Triple tounging: The ultimate A-Z guide
Here's the ultimate guide to triple tounging on the trumpet, trombone and other brasswinds. If you having trouble articulating particularly fast with single tounging, this is just what you need.
In this guide, I want to teach you how to triple tongue on the trumpet. If you follow the technique I'm about to show you here, you'll be smashing it out of the park in no time.
In the previous guide we looked at double tounging, and before that, we had looked at single tounging. You might want to have a look at those guides first because triple tounging builds on the "t", "k", "d",and "g" tounging concepts covered in detail in both of those guides.
As you might expect, triple tounging is a little more complicated than both single tounging and double tounging. But if you've got both of these locked down, it's nothing you can't pick up with a fair bit of practice.
Let's dive right into the technque.
If you are curious about triple tounging, you probably know that the regular single tongue position is "ta" or "da" tounging.
You probably also know that what we do for double tounging is a rocking backward and forward between two different tongue positions — the single tongue position at the front or tip of the tongue, and then another syllable that's further back on the tongue, typically, "ka" or "ga" tounging.
So, for instance, for double tounging you might be going "ta-ka-ta-ka-ta-ka...".

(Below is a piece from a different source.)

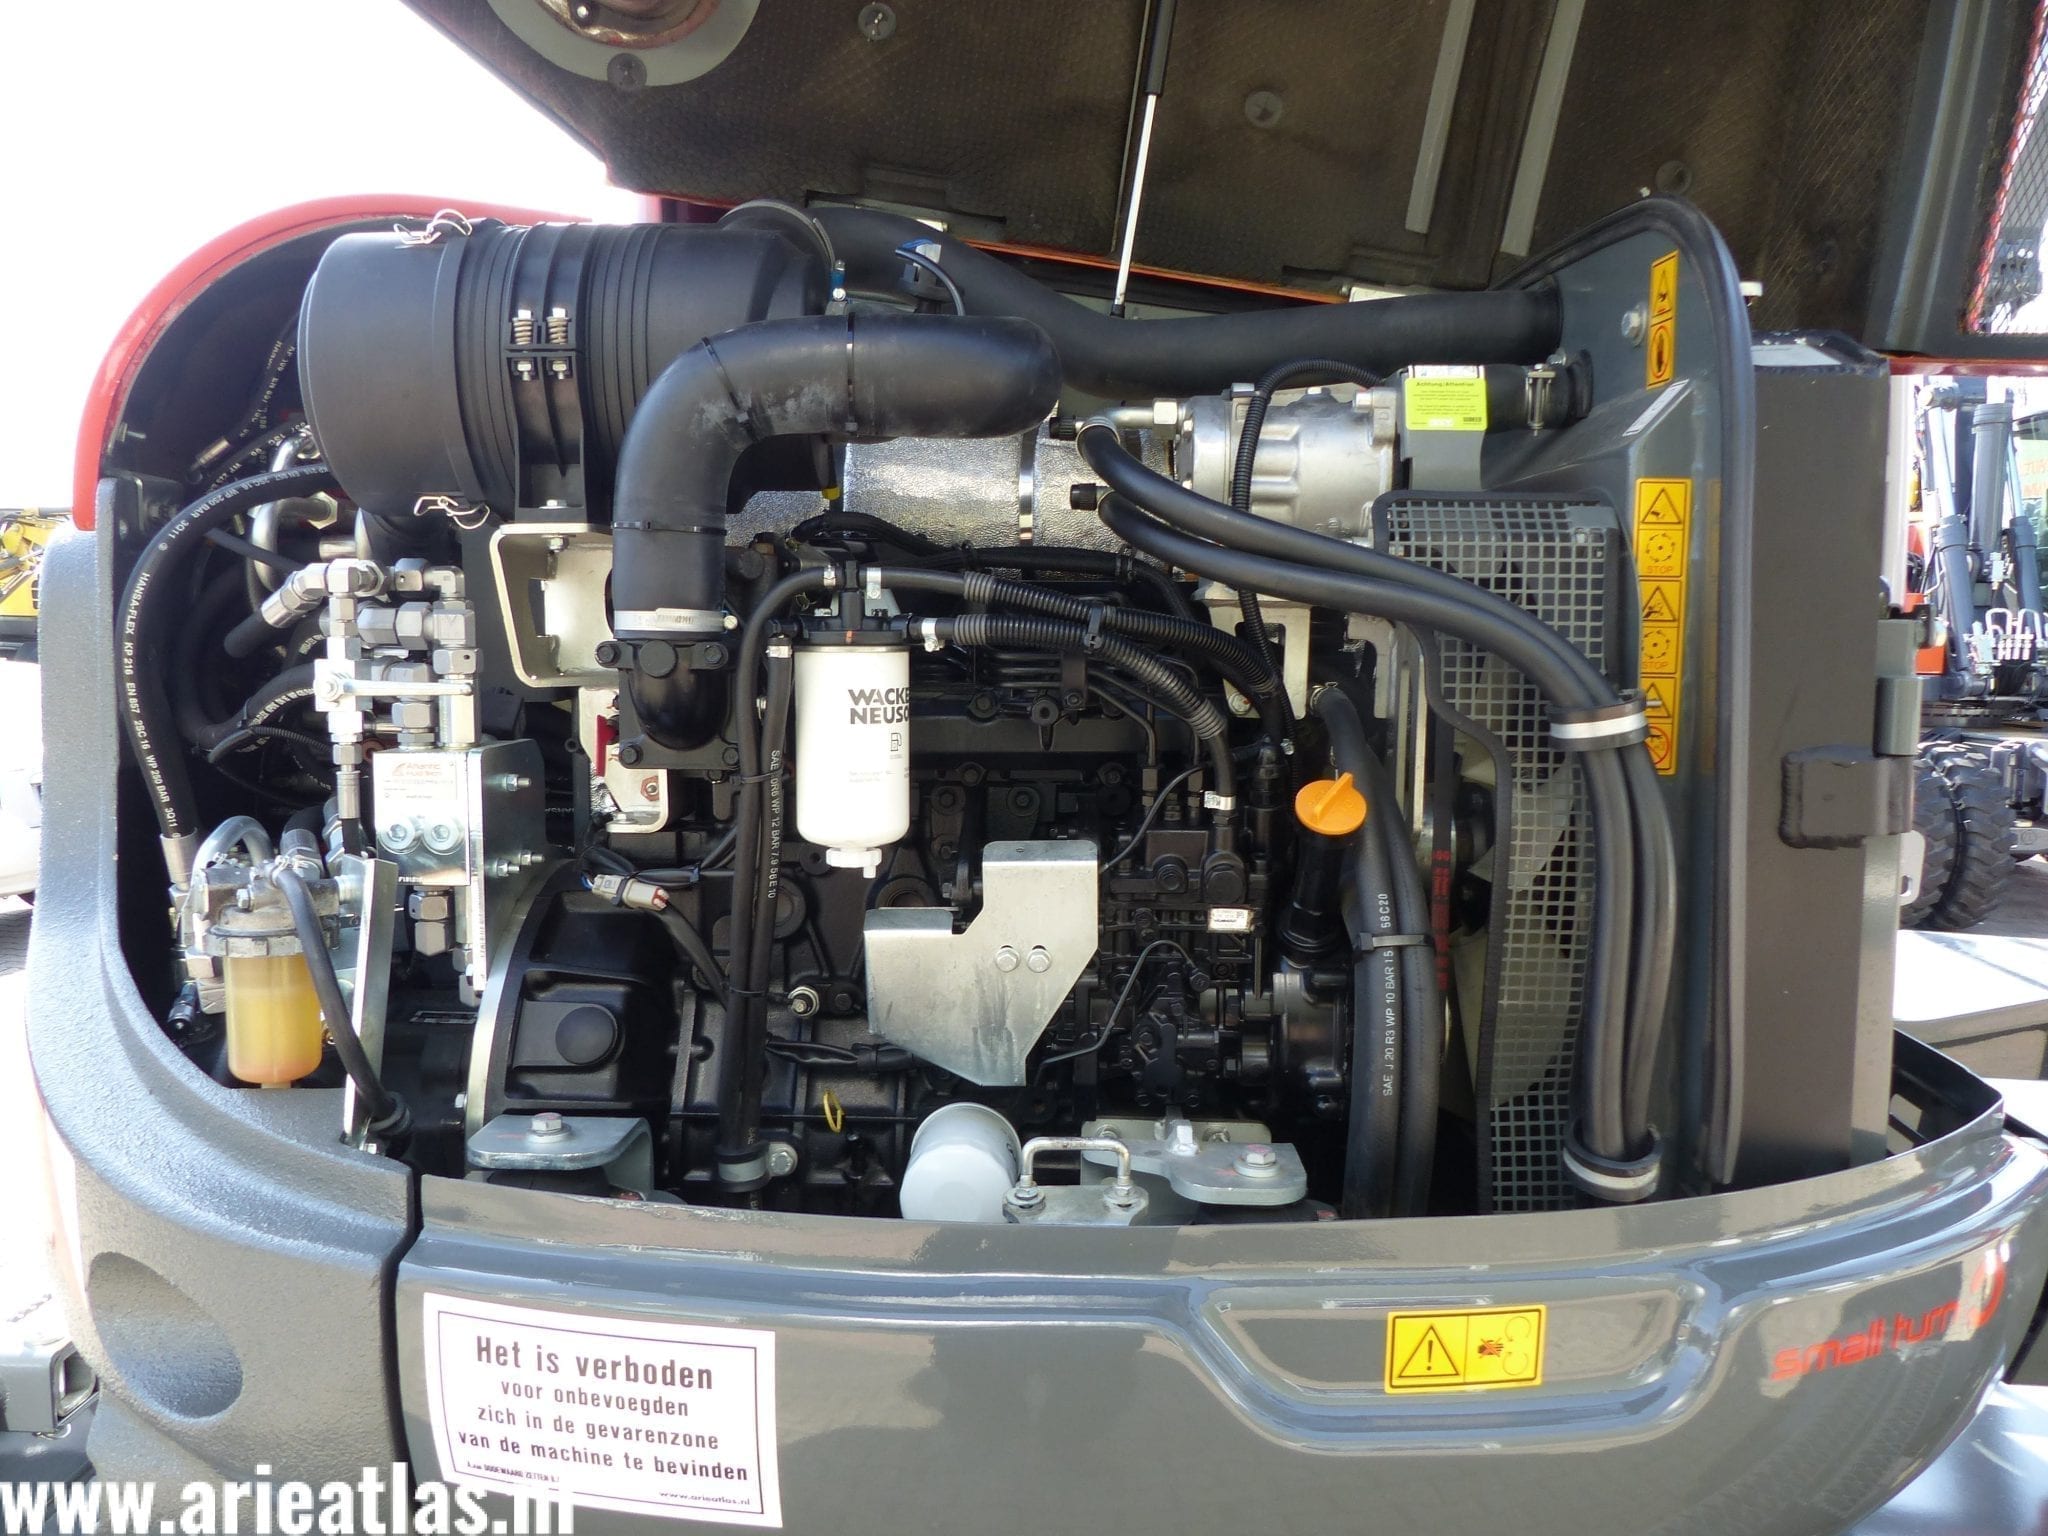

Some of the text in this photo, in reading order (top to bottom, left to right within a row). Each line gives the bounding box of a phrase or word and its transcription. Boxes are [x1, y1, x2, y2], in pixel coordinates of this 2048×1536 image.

That's fairly straightforward.
Triple tounging is where we use two front tongues and a third back tongue. That's front-front-back. Triple tounging is, often wrongly, taught wrongly as one front-back-front. The difference between the two approaches is minimal, but there is a difference.
Both are worth knowing. Both exist as valid alternatives but the one that is the most acceptable in the modern era, and slightly more efficient, is the former.
If we are doing triple tounging, it's a little more complicated. We tend to go "ta-ta-ka-ta-ta-ka...". That's a sequence with two single toungues and the back of the tongue on the third of the triplet.
That's two "t" or "d" toungues followed by a "k" or "g" tounging.
The reason triple tounging holds us up a little bit is because, quite simply, we are not used to articulating with the syllable on the back of the tongue — same as double tounging.
So what we actually need to is to improve our double tounging and get it co-ordinated.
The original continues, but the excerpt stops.